The retailer last month reported a 27% increase in fourth-quarter net income as it benefited from cost-cutting and strong international sales. Walmart said it will pay an annual dividend this year of $1.46, up from $1.21. It will pay quarterly dividends of 36.5 cents in April, June, September and January in fiscal 2012, which ends Jan. 31.
The next dividend will be paid on April 4 to shareholders of record on March 11.
Walmart president and CEO Mike Duke said the company was able to boost its dividend because of its earnings performance in fiscal 2011 and its strong financial position.
NRF welcomes repeal of tax provision in healthcare law
WASHINGTON — The National Retail Federation said it welcomed the House of Representatives’ vote to repeal a provision in last year’s healthcare-reform law that would widely expand the number of IRS 1099 tax forms businesses would be required to file.
“This is a commonsense step to keep the business community from being hit with a blizzard of unnecessary paperwork that has nothing to do with health care,” NRF SVP government relations David French said. “The important thing now is for the House and Senate to come together on a final version of repeal and settle this issue as quickly as possible. This provision never should have been in the healthcare bill to begin with, and it’s already taken far too long to get it removed.”
The House voted 314-112 to approve H.R. 4, the Small Business Paperwork Mandate Elimination Act, sponsored by Rep. Dan Lungren, R-Calif. The bill would repeal a provision in the Patient Protection and Affordable Care Act of 2010 that requires businesses to file a Form 1099 with the Internal Revenue Service whenever they make noncredit-card payments totaling $600 or more to a vendor during a single year.
Other organizations that support the repeal include the National Association of Chain Drug Stores and the National Community Pharmacists Association.
Study: Potassium levels may be insight to racial disparity among diabetics
NEW YORK — Researchers at Johns Hopkins University School of Medicine have discovered that potassium levels in the blood may explain a racial disparity among Type 2 diabetes patients.

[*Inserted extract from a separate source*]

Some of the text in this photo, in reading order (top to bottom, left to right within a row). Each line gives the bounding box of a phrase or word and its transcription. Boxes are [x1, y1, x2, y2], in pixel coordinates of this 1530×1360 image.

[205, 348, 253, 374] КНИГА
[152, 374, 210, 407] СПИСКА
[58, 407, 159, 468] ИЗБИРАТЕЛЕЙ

According to a new study published in the American Journal of Clinical Nutrition, among 12,000 participants, more than 2,000 African-Americans in the study had lower average serum potassium levels than the more than 9,000 whites in the study. They also were twice as likely to develop Type 2 diabetes.
What’s more, the researchers noted, serum potassium appeared to be a novel risk factor for the disorder that may explain some of the racial disparity in diabetes risk.
The data was collected from the "Atherosclerosis Risk in Communities Study," information collected from 1987 and 1996.
"This research doesn’t mean people should run out and start taking potassium supplements," said Hsin-Chieh "Jessica" Yeh, an assistant professor of medicine at the Johns Hopkins University School of Medicine and an author of the study. "But we now know lower serum potassium is an independent risk factor for diabetes and that African-Americans have, on average, lower potassium levels than whites. What remains to be seen is if increasing potassium levels through diet or supplementation can prevent the most common form of diabetes."
Nearly 13% of African-Americans older than 20 years are living with diabetes, according to the Centers for Disease Control and Prevention.